◆ **TASK OBJECTIVE**
In this exercise, print only the lines from the line with "this 1600×1200 image." to the last line of the data below, inclusive. Any pictures should be left out.

*** Opening EXCERPTED DATA ***

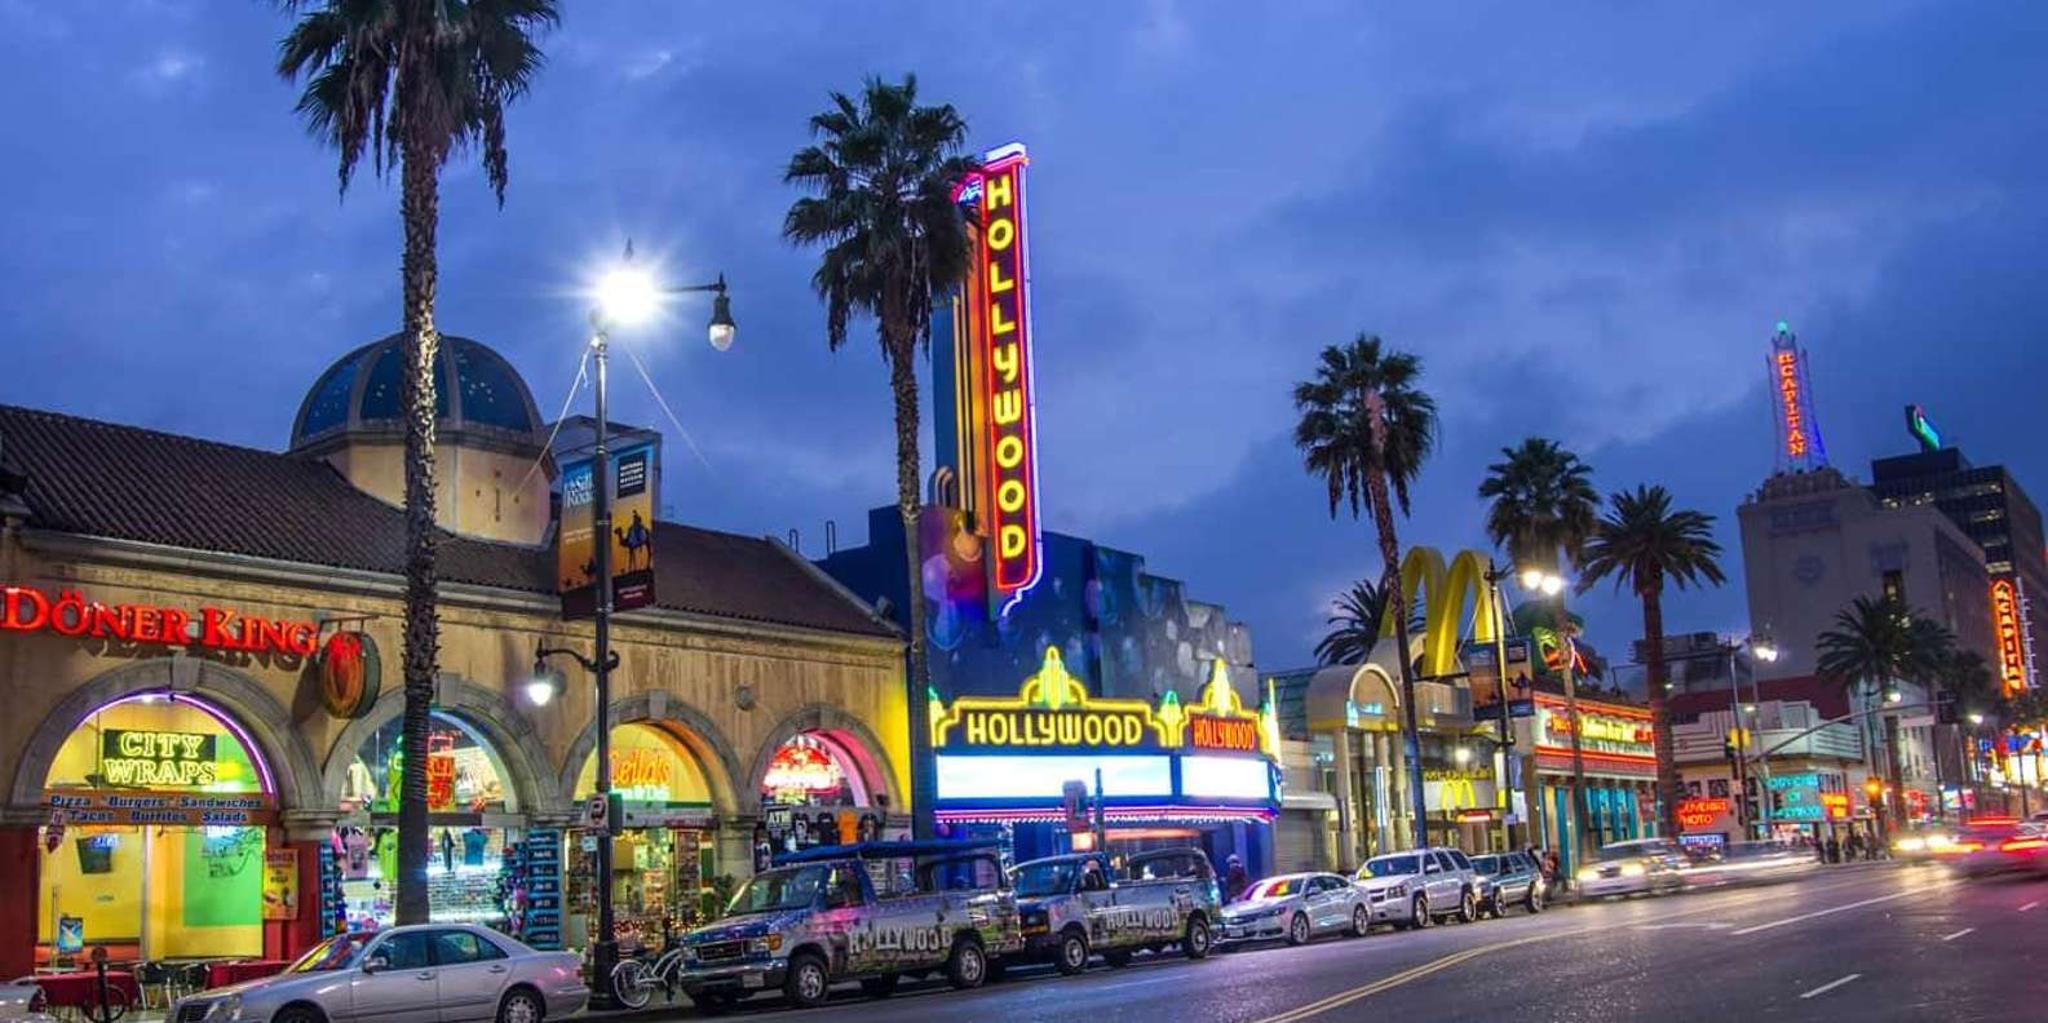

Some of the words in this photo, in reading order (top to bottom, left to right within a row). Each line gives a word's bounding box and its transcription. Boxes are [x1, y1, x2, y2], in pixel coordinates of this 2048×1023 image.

[986, 175, 1027, 559] HOLLYWOOD
[0, 585, 191, 643] DÖNER
[200, 607, 317, 655] KING
[967, 713, 1143, 745] HOLLYWOOD
[1193, 718, 1256, 750] HOLLYWOOD
[120, 732, 204, 758] CITY
[104, 758, 216, 785] WRAPS
[50, 795, 91, 808] Pizza
[181, 796, 262, 808] Sandwiches
[69, 810, 116, 821] Tacos
[131, 810, 187, 822] Burritos
[202, 811, 248, 822] Salads
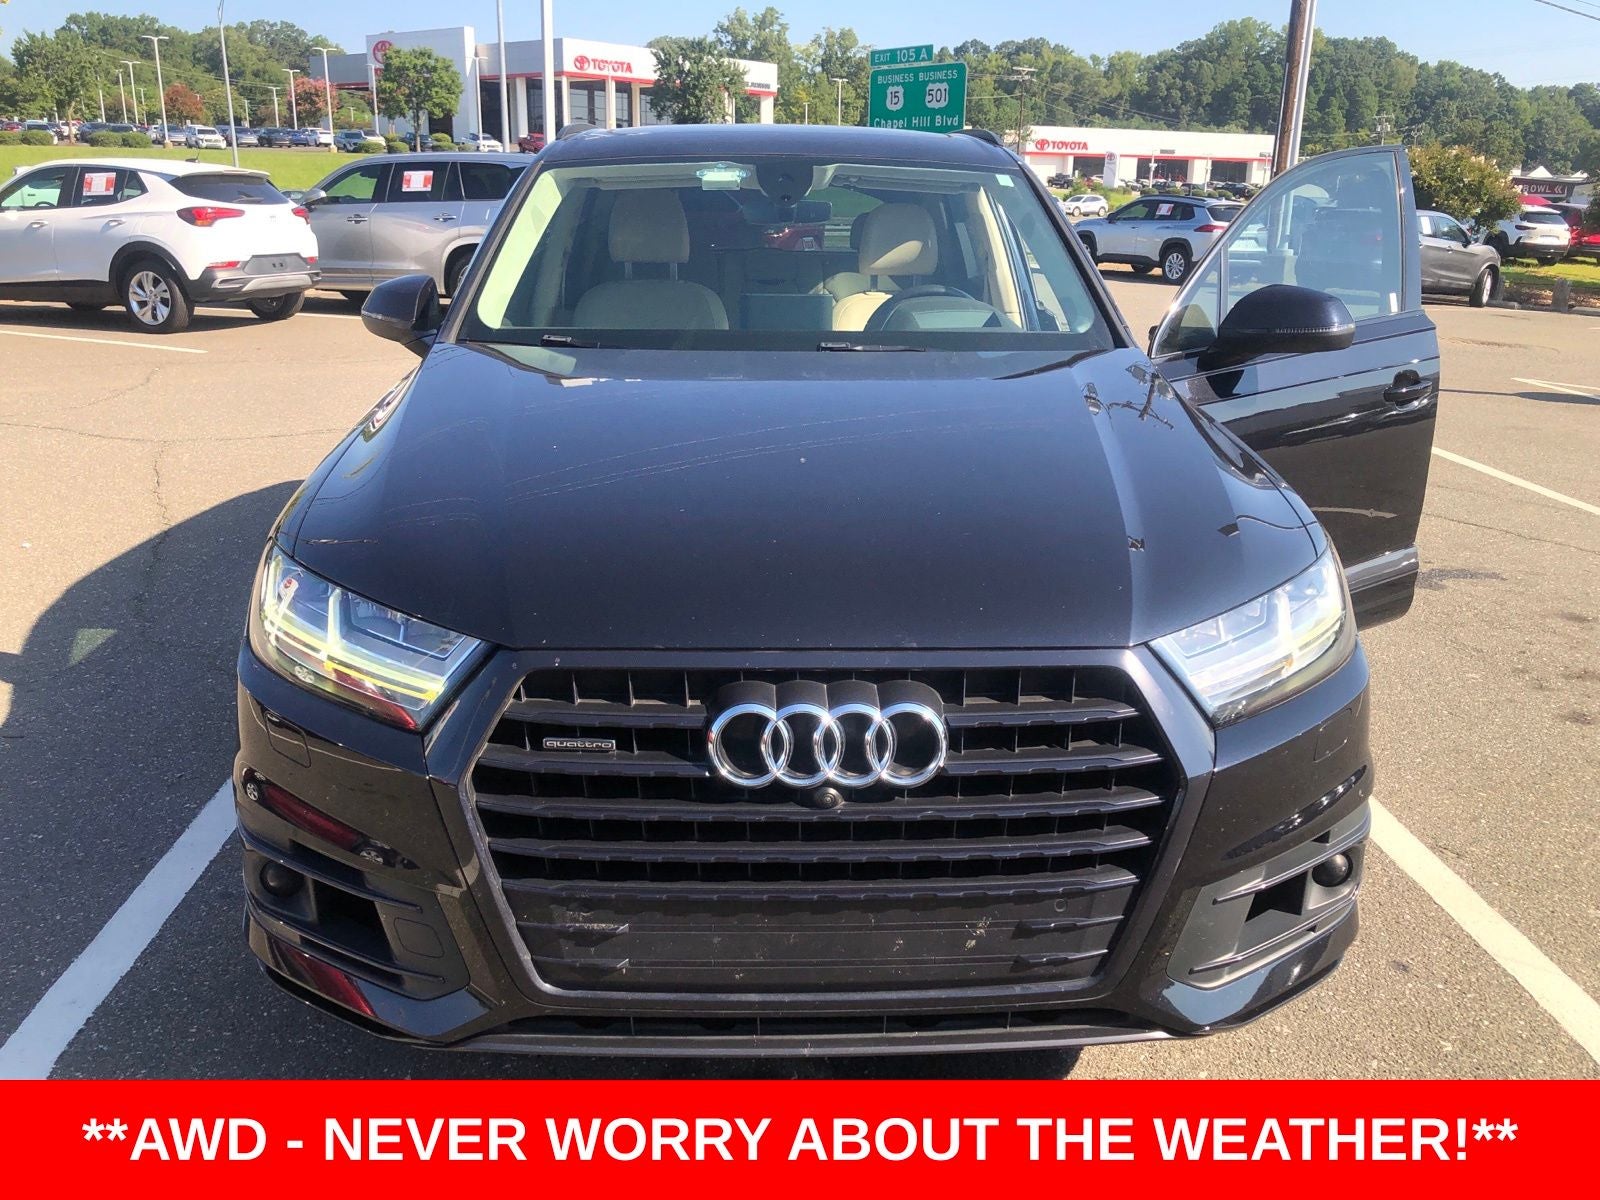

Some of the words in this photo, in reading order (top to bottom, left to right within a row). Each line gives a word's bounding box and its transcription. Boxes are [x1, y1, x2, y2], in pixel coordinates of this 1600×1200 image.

[874, 53, 891, 63] EXIT
[896, 49, 916, 62] 105
[919, 48, 928, 60] A
[591, 58, 633, 74] TOYOTA
[877, 73, 915, 84] BUSINESS
[918, 70, 958, 81] BUSINESS
[890, 91, 900, 105] 15
[927, 88, 947, 103] 501
[873, 117, 907, 129] Chapel
[911, 116, 931, 127] Hill
[935, 115, 959, 126] Blvd
[1051, 140, 1089, 151] TOYOTA
[1523, 184, 1552, 193] BOWL
[546, 740, 612, 749] quattro
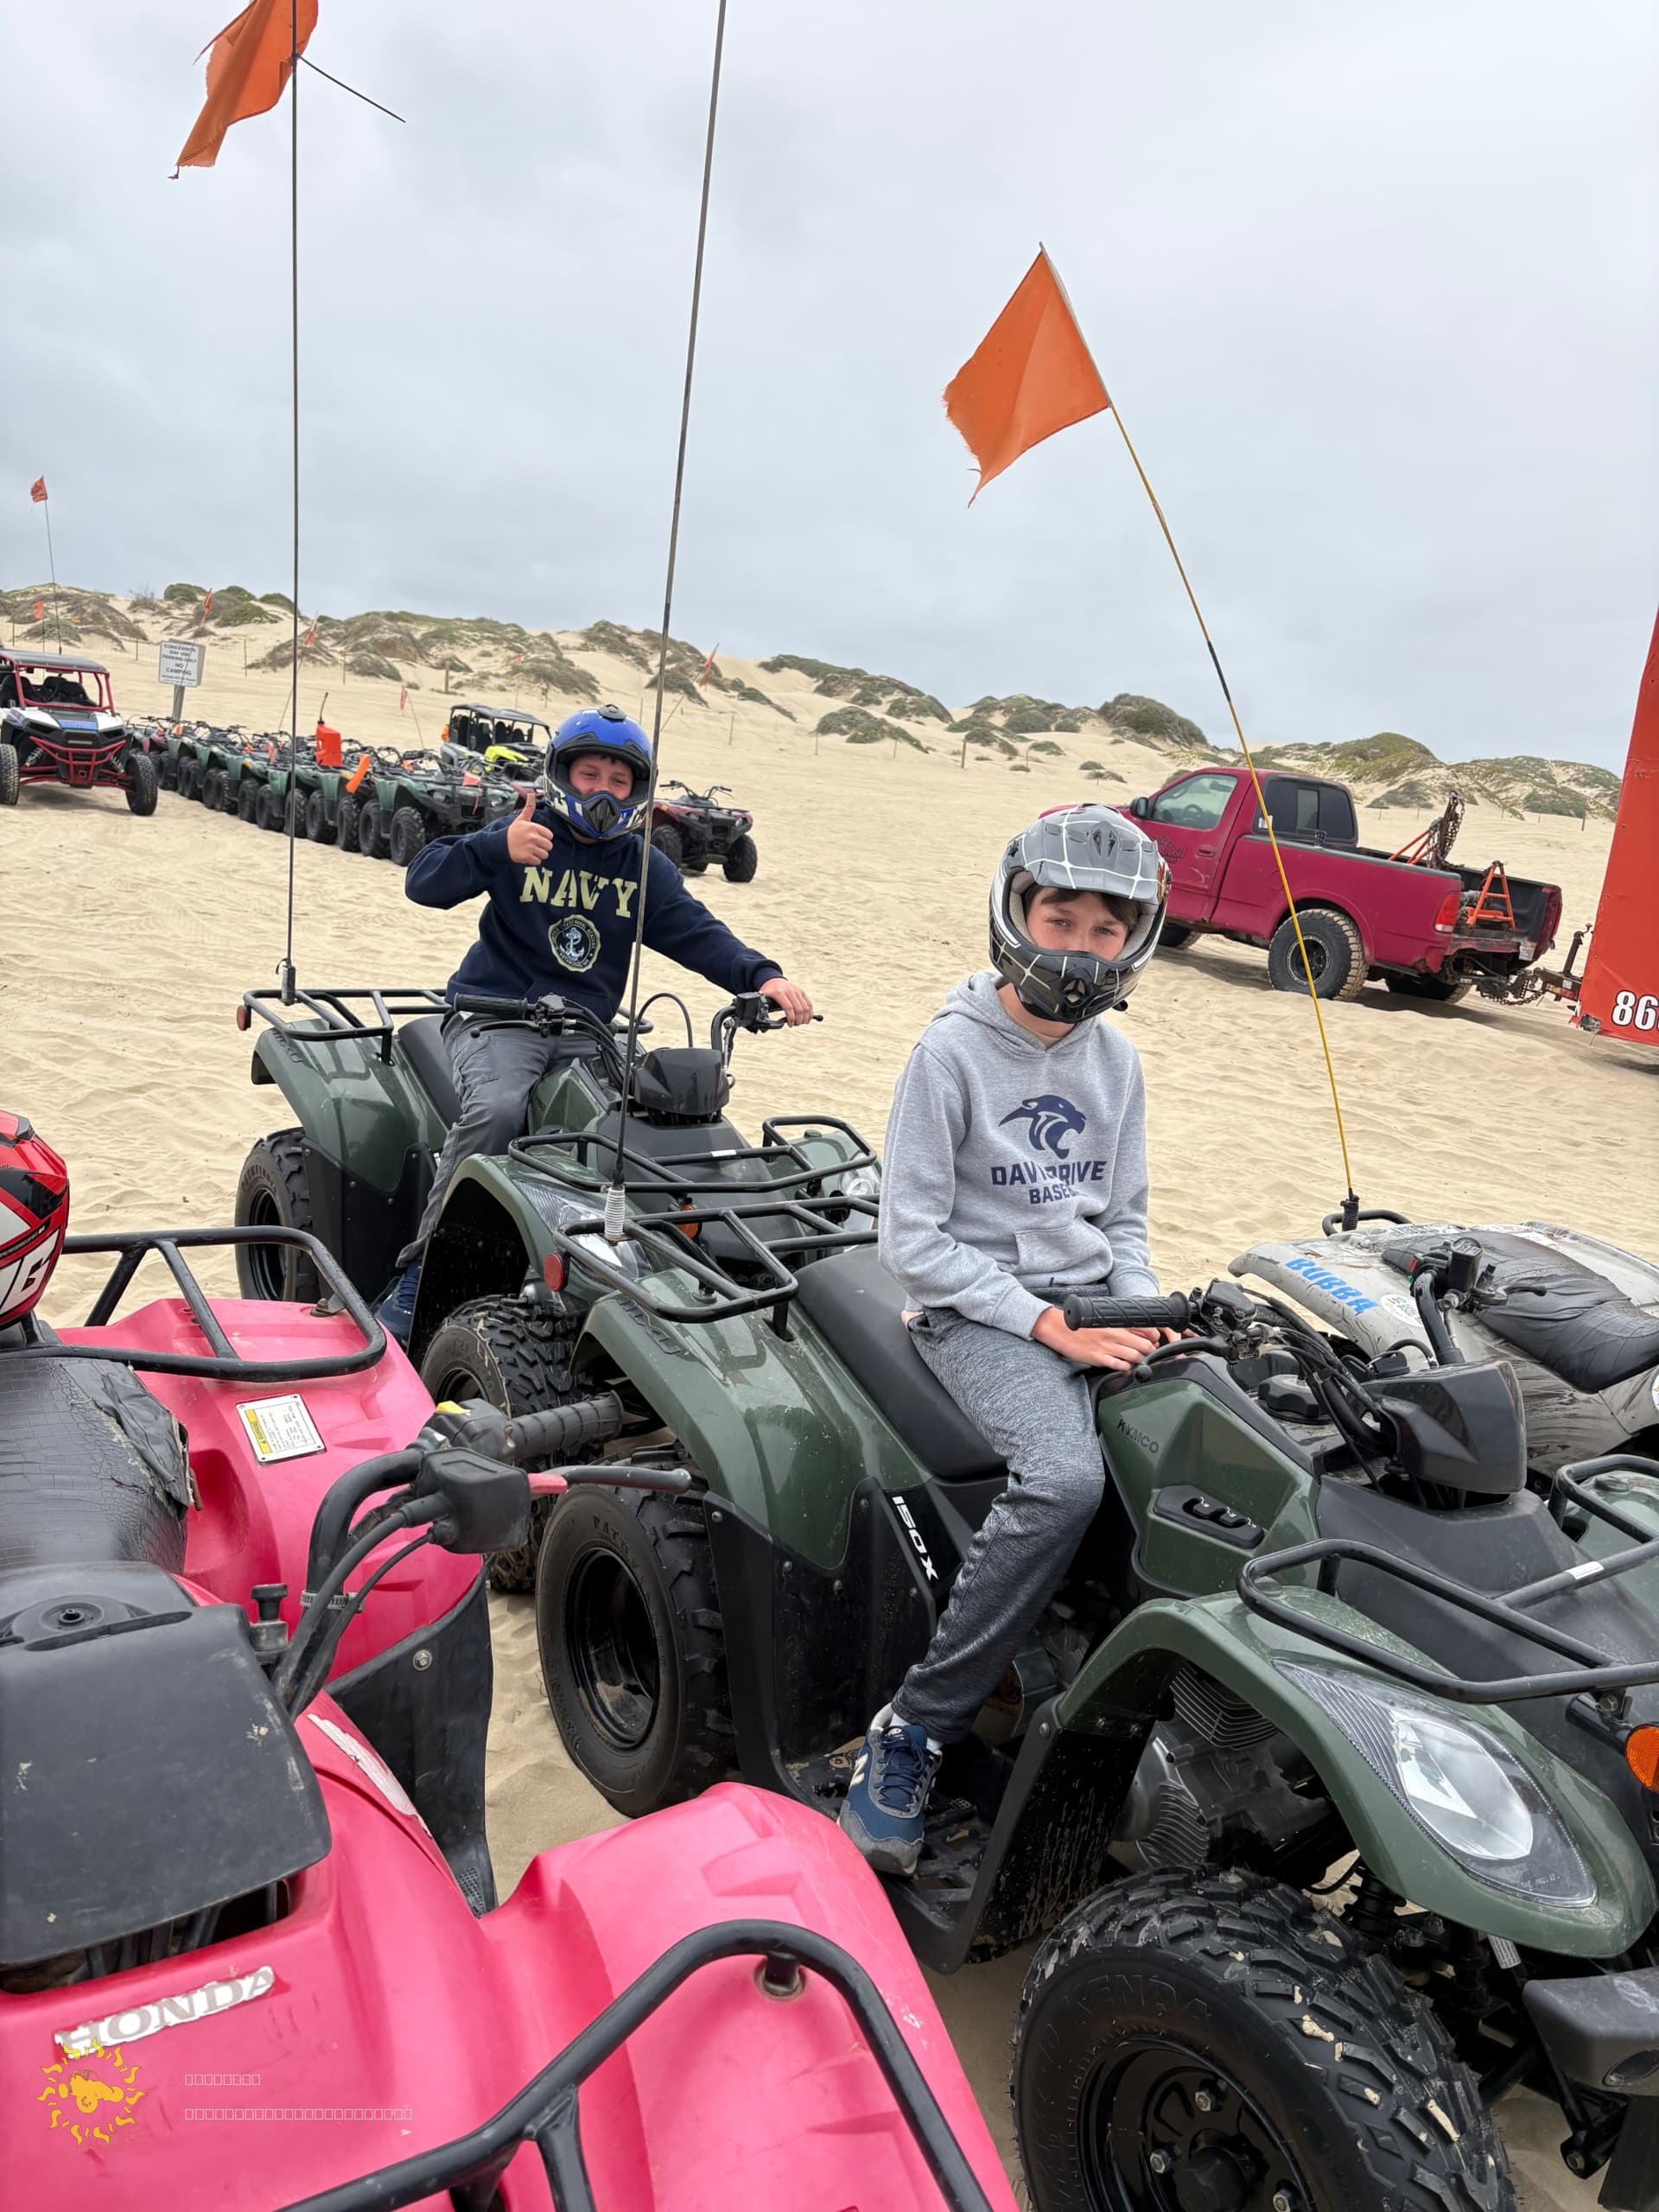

*** Closing EXCERPTED DATA ***

◆ **RESULT OF THIS EXERCISE**
Some of the words in this photo, in reading order (top to bottom, left to right within a row). Each line gives a word's bounding box and its transcription. Boxes are [x1, y1, x2, y2], in pixel coordinates of this 1600×1200 image.

[874, 53, 891, 63] EXIT
[896, 49, 916, 62] 105
[919, 48, 928, 60] A
[591, 58, 633, 74] TOYOTA
[877, 73, 915, 84] BUSINESS
[918, 70, 958, 81] BUSINESS
[890, 91, 900, 105] 15
[927, 88, 947, 103] 501
[873, 117, 907, 129] Chapel
[911, 116, 931, 127] Hill
[935, 115, 959, 126] Blvd
[1051, 140, 1089, 151] TOYOTA
[1523, 184, 1552, 193] BOWL
[546, 740, 612, 749] quattro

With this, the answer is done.